## Exercise brief
Could you retype all of the entries exactly, without their pictures?

(Saved entries)

_ _ _ _

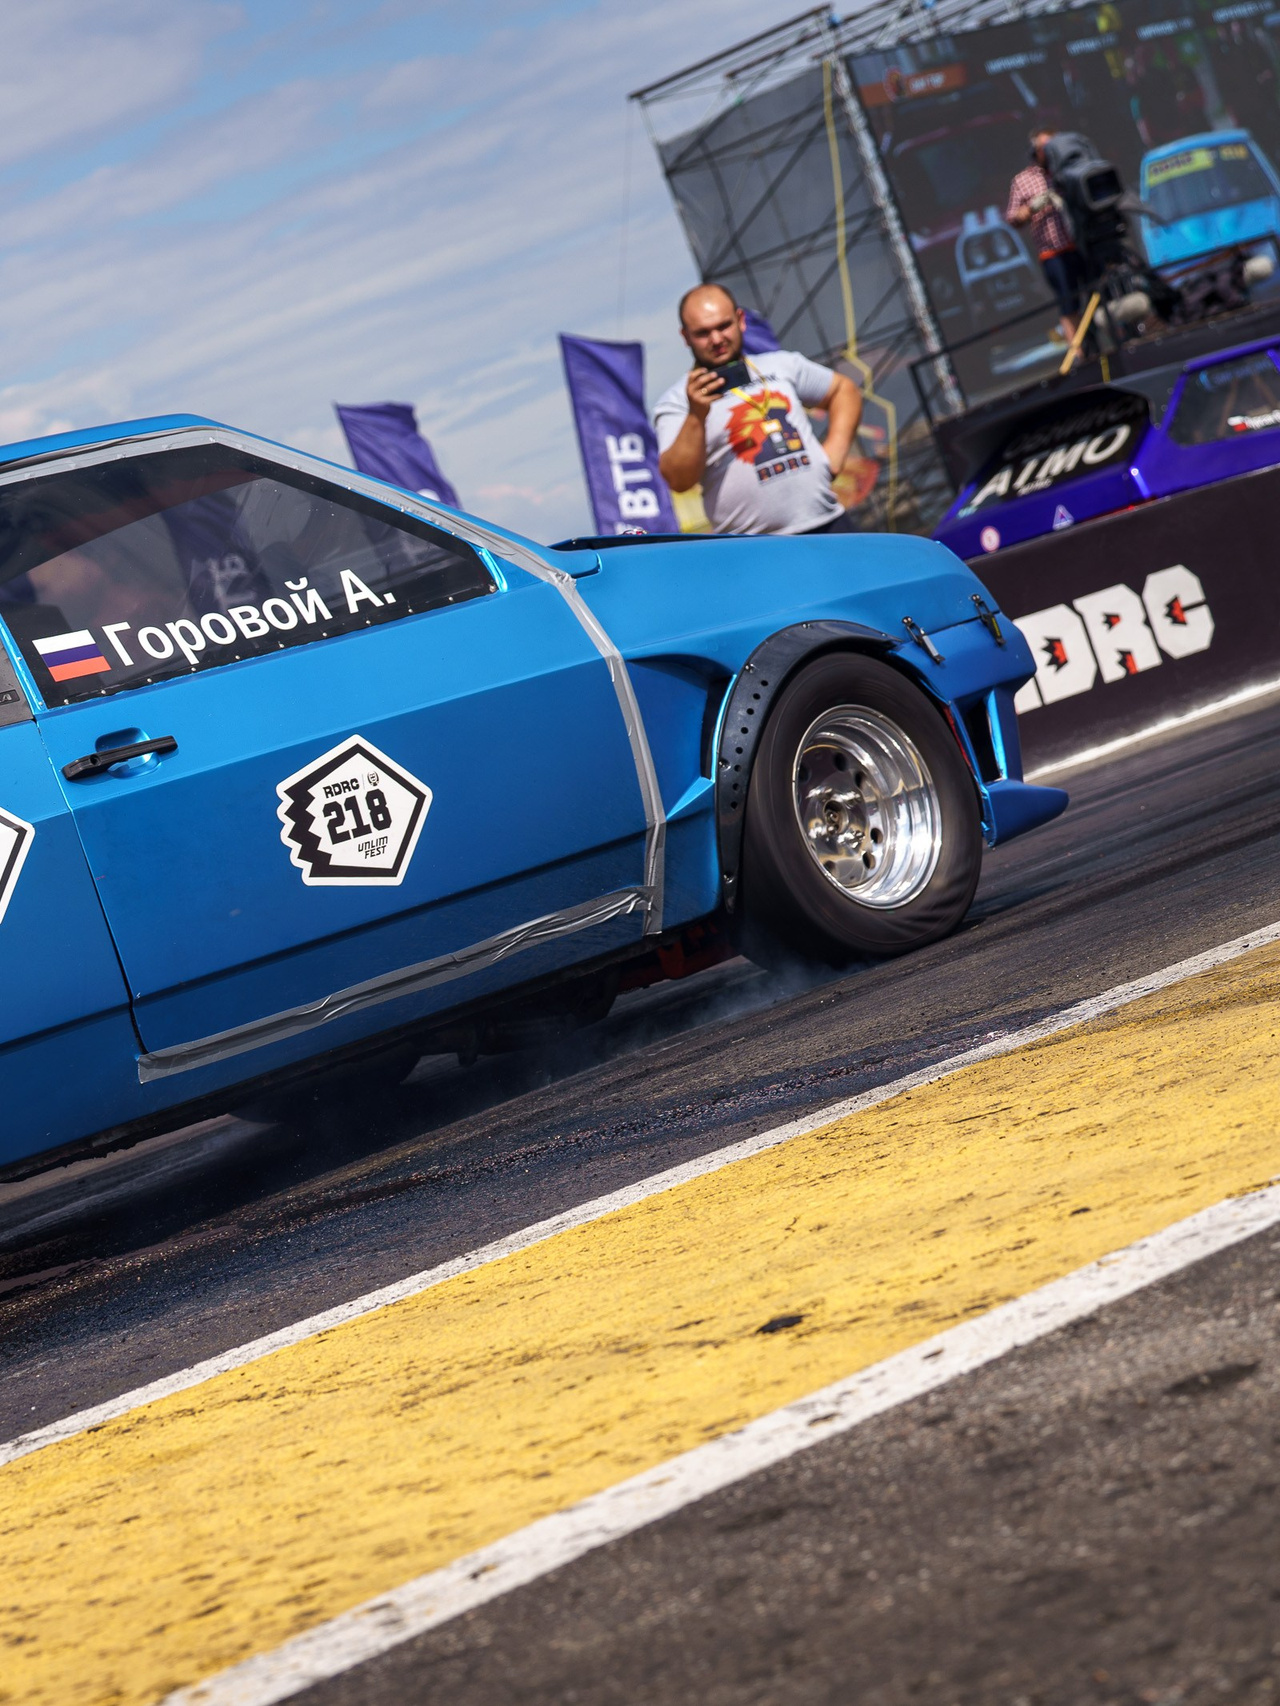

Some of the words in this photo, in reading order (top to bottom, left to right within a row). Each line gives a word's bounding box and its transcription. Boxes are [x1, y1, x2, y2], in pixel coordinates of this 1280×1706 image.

[605, 432, 660, 518] ВТБ
[758, 455, 811, 482] RDRC
[101, 576, 334, 666] Горовой
[339, 569, 397, 614] А.
[322, 778, 360, 799] RDRC
[322, 788, 392, 845] 218
[364, 845, 387, 860] FEST

_ _ _ _

## Your solution
Some of the words in this photo, in reading order (top to bottom, left to right within a row). Each line gives a word's bounding box and its transcription. Boxes are [x1, y1, x2, y2], in pixel coordinates of this 1280×1706 image.

[605, 432, 660, 518] ВТБ
[758, 455, 811, 482] RDRC
[101, 576, 334, 666] Горовой
[339, 569, 397, 614] А.
[322, 778, 360, 799] RDRC
[322, 788, 392, 845] 218
[364, 845, 387, 860] FEST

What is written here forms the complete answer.